There are “hundreds of families that are waiting for news,” he said, adding that there was a “preliminary plan” to raise the wreck.

Divers spoke of “dozens, maybe hundreds” of bodies trapped in the wreck, which lies on the seabed at a depth of around 130ft within sight of the shore of Italy’s southernmost point.

Officials said more bodies may have been lost forever due to strong currents around the island.

Also on Saturday, reports that a boat did not help the stranded migrants prompted a Dutch politician to call for an investigation.

While survivors have told authorities that a boat passed, there has been no single boat identified nor have
prosecutors launched a formal investigation.

‘Circled by a boat’

Pia Locatelli, an Italian politician who visited the survivors on Saturday, told the Associated Press news agency the migrants reported that a boat circled them with a light and then went away.

They also saw one or two more boats in the distance before the fire.
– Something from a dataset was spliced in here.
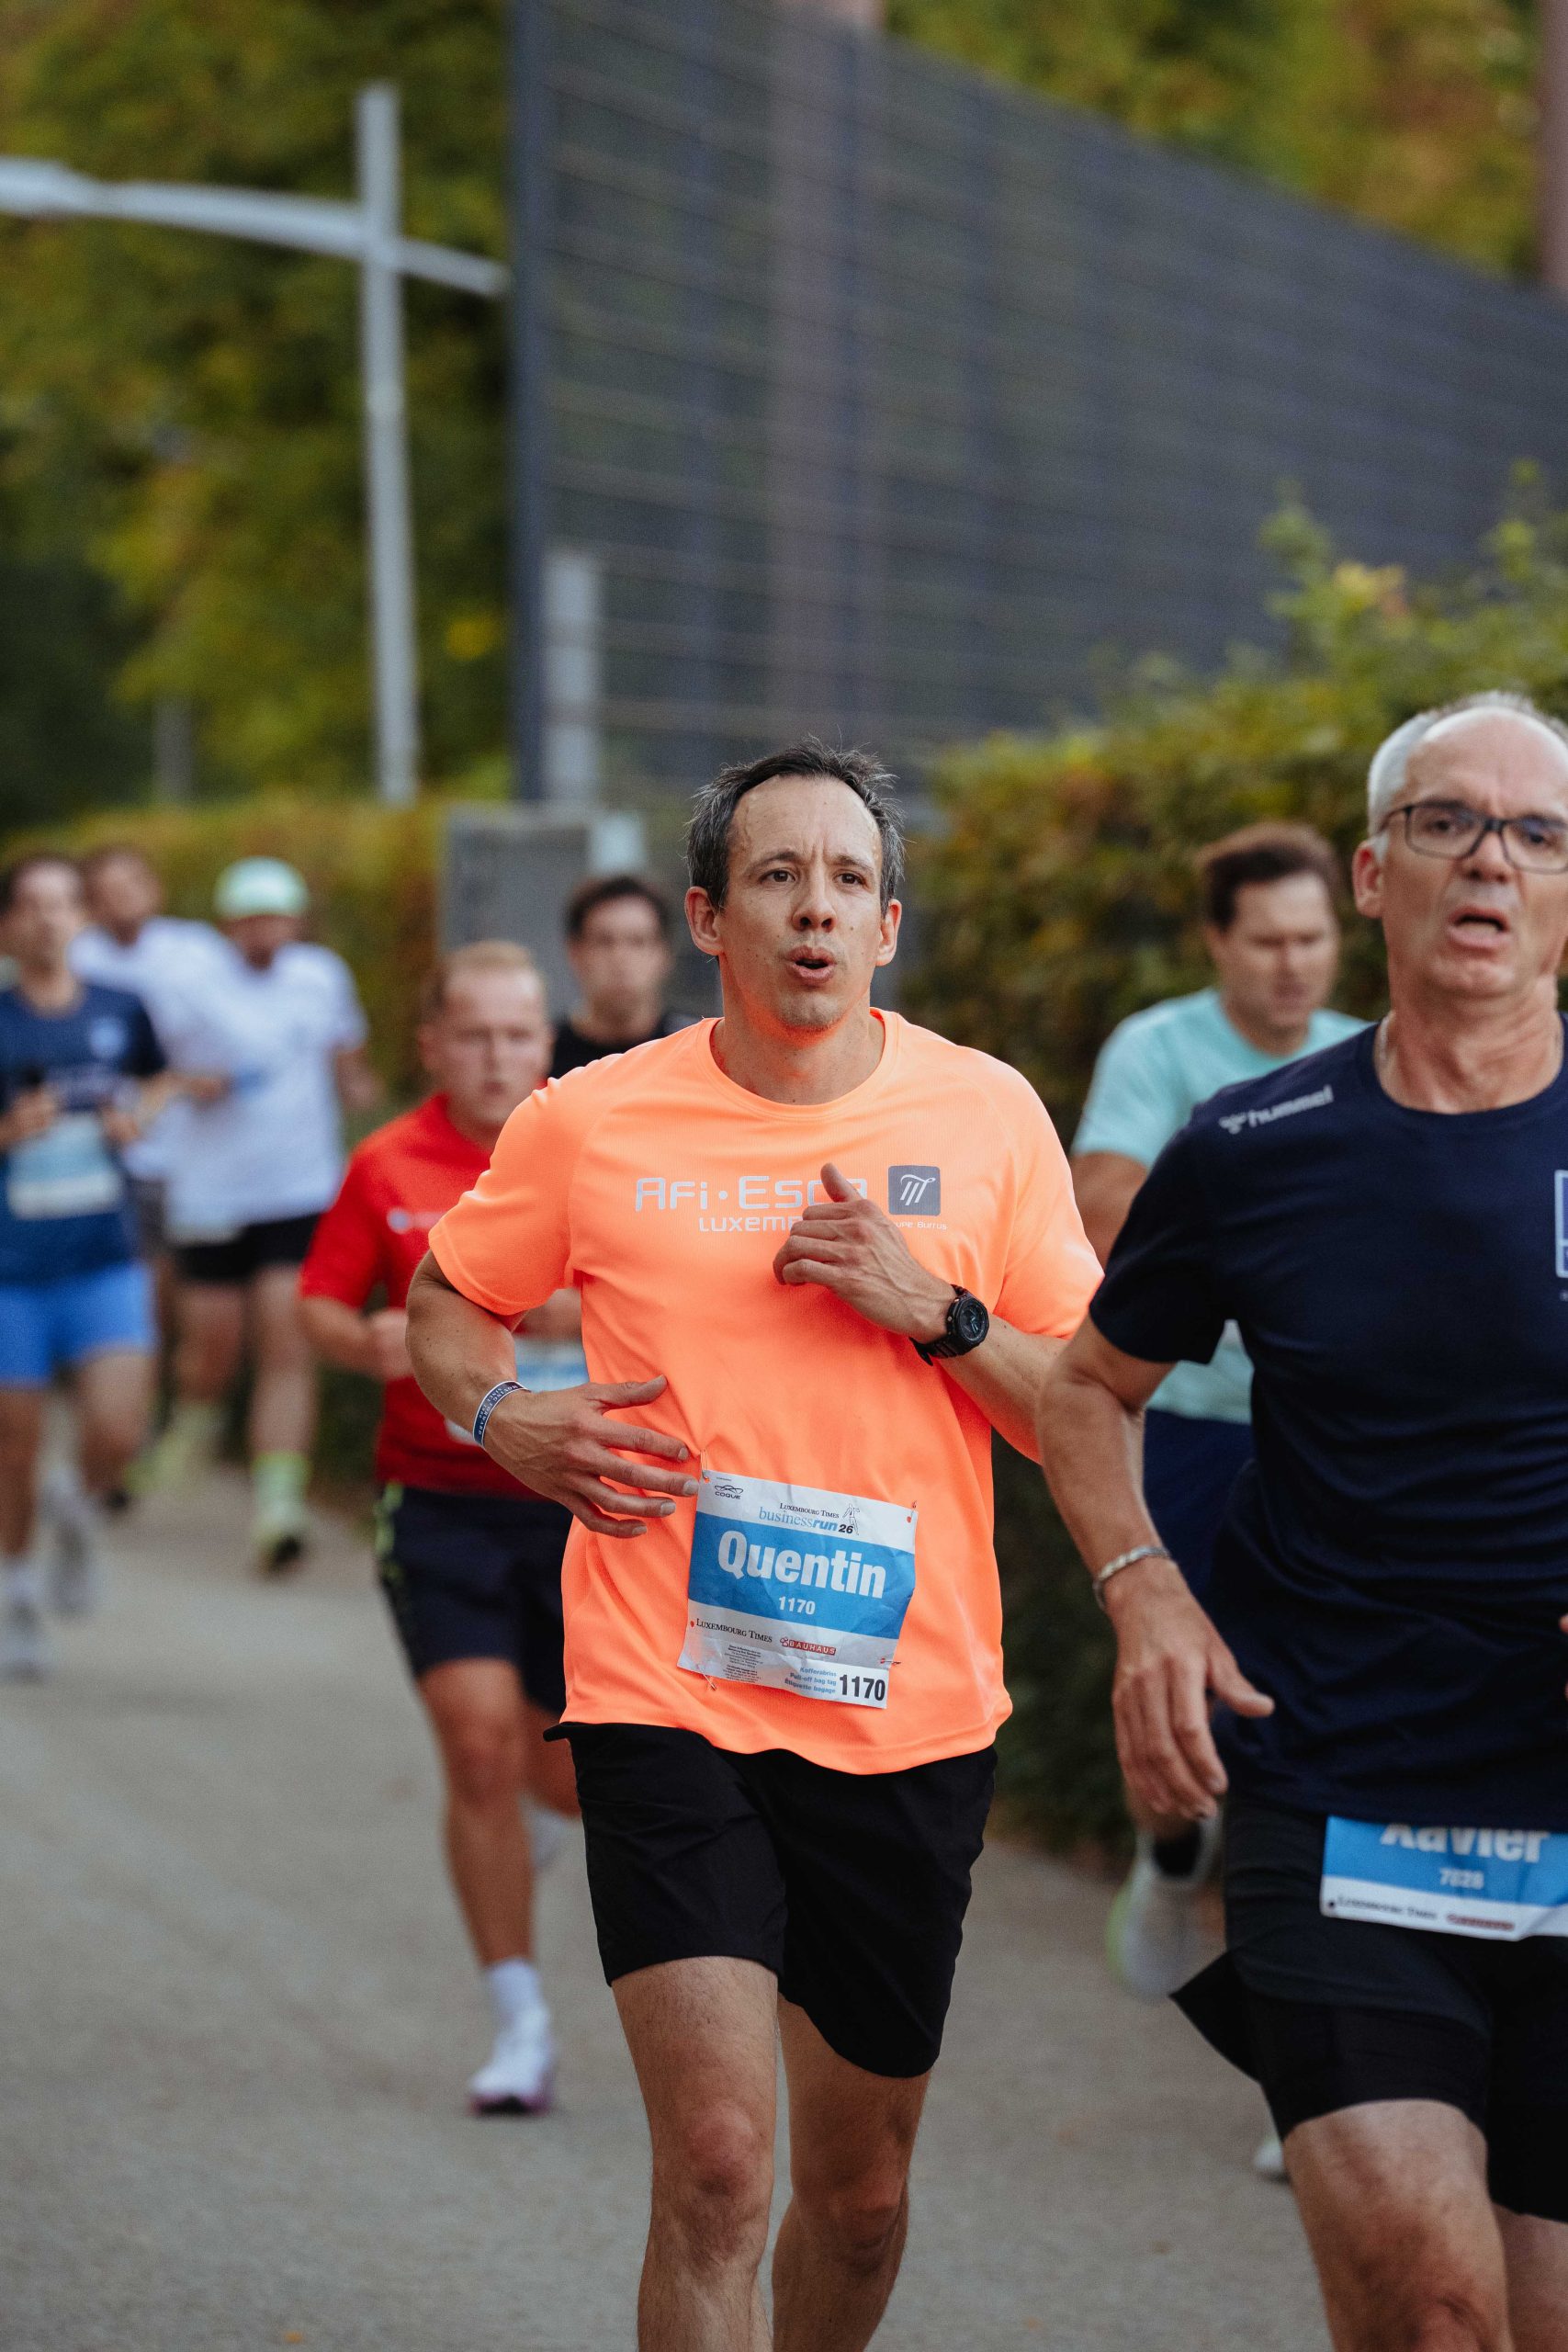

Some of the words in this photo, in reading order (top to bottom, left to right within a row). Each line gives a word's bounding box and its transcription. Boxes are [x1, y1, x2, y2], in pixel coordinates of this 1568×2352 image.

“They were absolutely sure in telling the boat went around their own boat,” Locatelli said, adding that they said the boat had lights but they were unable to offer a further description.

Interpretations of an Italian law aimed at curbing illegal migration dissuade boat captains from helping migrants in distress, legislators have said.

The scope of the tragedy at Lampedusa – with 111 bodies recovered so far and more than 200 missing, according to survivor accounts given to UN officials – has prompted outpourings of grief and calls for a comprehensive EU immigration policy to deal with the tens of thousands fleeing poverty and strife in Africa and the Middle East.

Smugglers charge thousands of dollars a head for the journey aboard overcrowded, barely seaworthy boats that lack life vests.